- _Exercise details_: Every line below should be copied exactly; drop the pictures.

- _Input_:
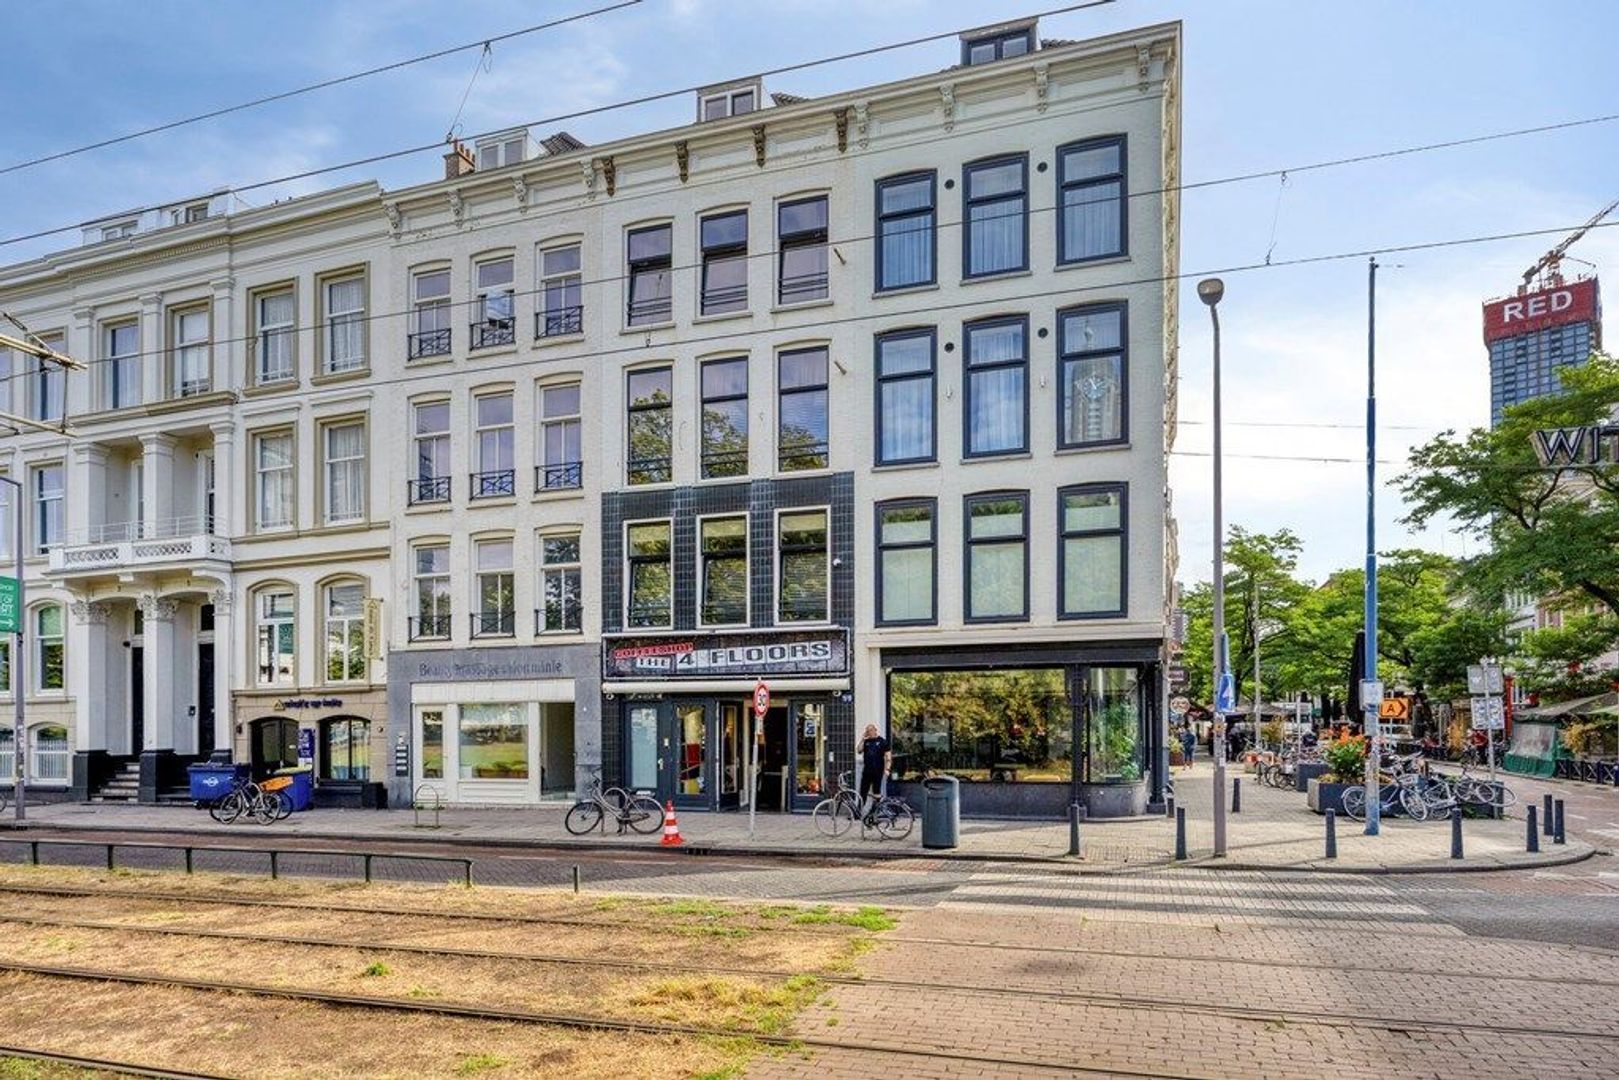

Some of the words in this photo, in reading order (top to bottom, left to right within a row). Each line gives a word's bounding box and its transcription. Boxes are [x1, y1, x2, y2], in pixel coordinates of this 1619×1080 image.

[1503, 290, 1573, 323] RED
[678, 653, 694, 666] 4
[711, 643, 830, 664] FLOORS
[1386, 703, 1396, 713] A
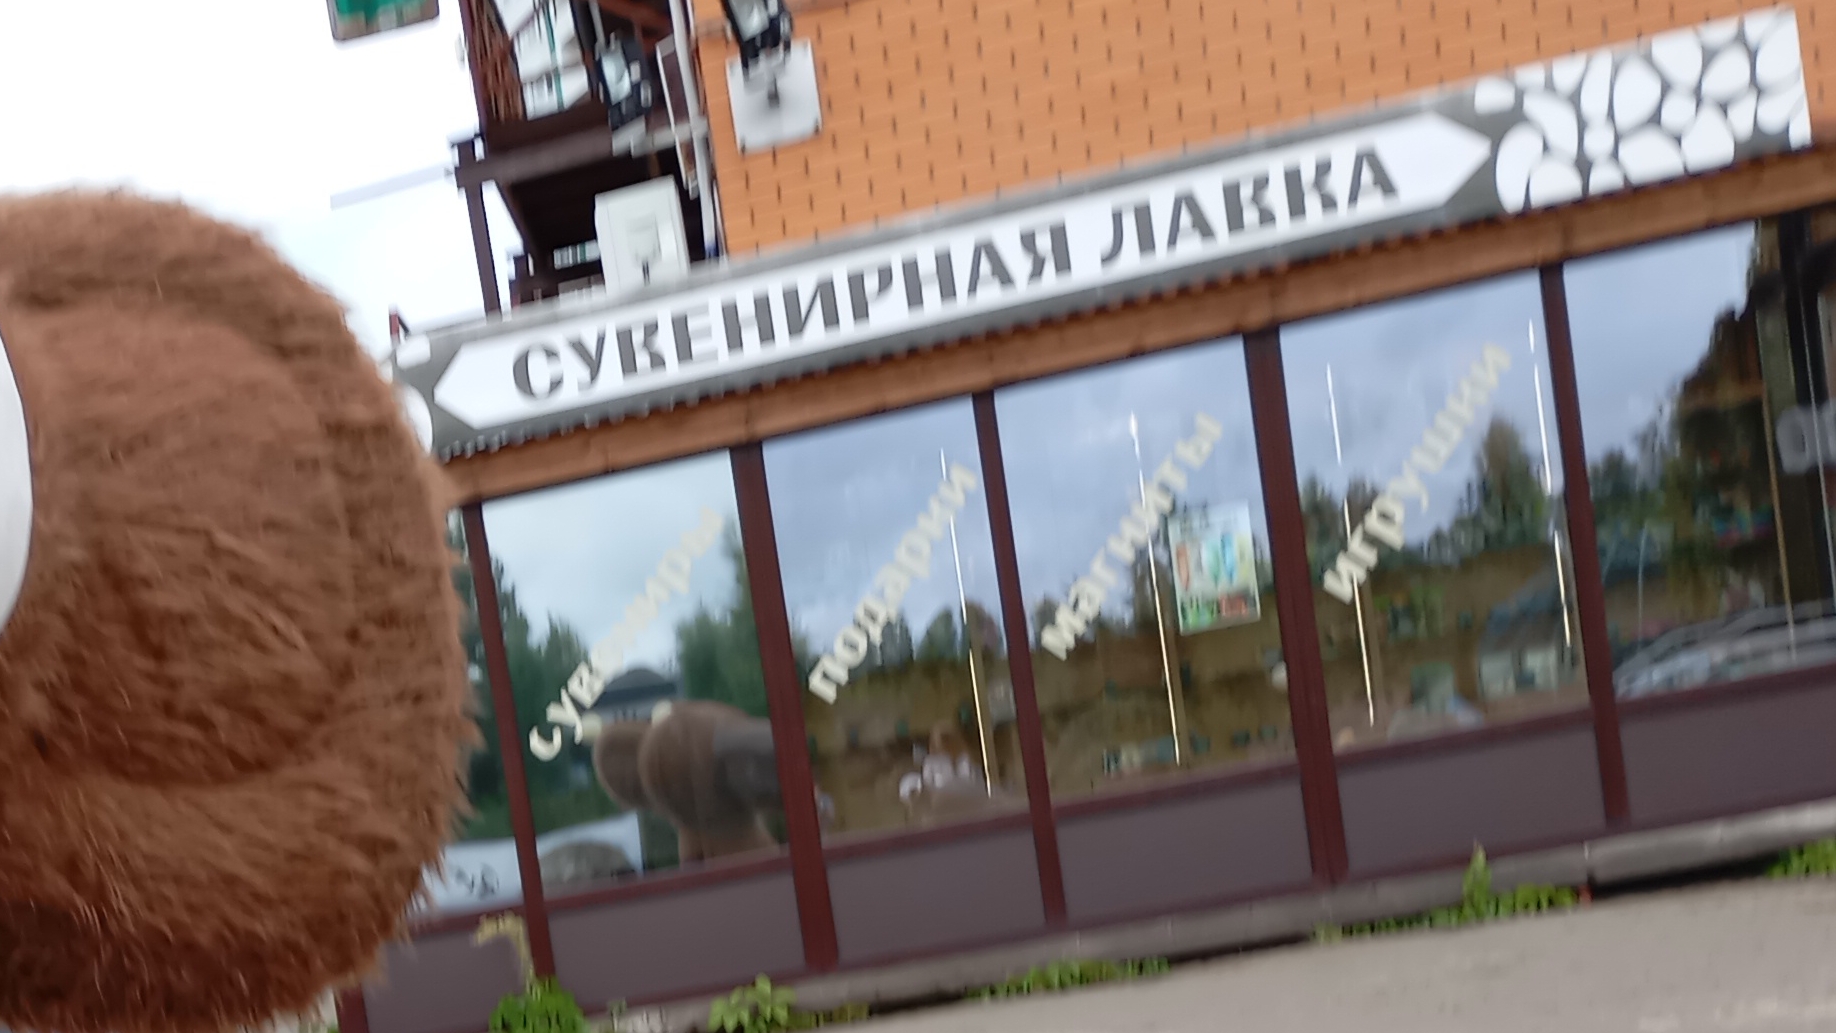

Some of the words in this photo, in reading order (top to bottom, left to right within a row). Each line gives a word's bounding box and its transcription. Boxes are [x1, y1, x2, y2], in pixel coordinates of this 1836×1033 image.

[513, 224, 1073, 400] СУВЕНИРНАЯ
[1100, 146, 1399, 262] ЛАВКА
[809, 462, 977, 705] подарки
[1041, 411, 1223, 661] магниты
[1323, 342, 1511, 604] игрушки
[529, 505, 723, 761] сувениры

- _Answer space_:
Some of the words in this photo, in reading order (top to bottom, left to right within a row). Each line gives a word's bounding box and its transcription. Boxes are [x1, y1, x2, y2], in pixel coordinates of this 1619×1080 image.

[1503, 290, 1573, 323] RED
[678, 653, 694, 666] 4
[711, 643, 830, 664] FLOORS
[1386, 703, 1396, 713] A

Some of the words in this photo, in reading order (top to bottom, left to right within a row). Each line gives a word's bounding box and its transcription. Boxes are [x1, y1, x2, y2], in pixel coordinates of this 1836×1033 image.

[513, 224, 1073, 400] СУВЕНИРНАЯ
[1100, 146, 1399, 262] ЛАВКА
[809, 462, 977, 705] подарки
[1041, 411, 1223, 661] магниты
[1323, 342, 1511, 604] игрушки
[529, 505, 723, 761] сувениры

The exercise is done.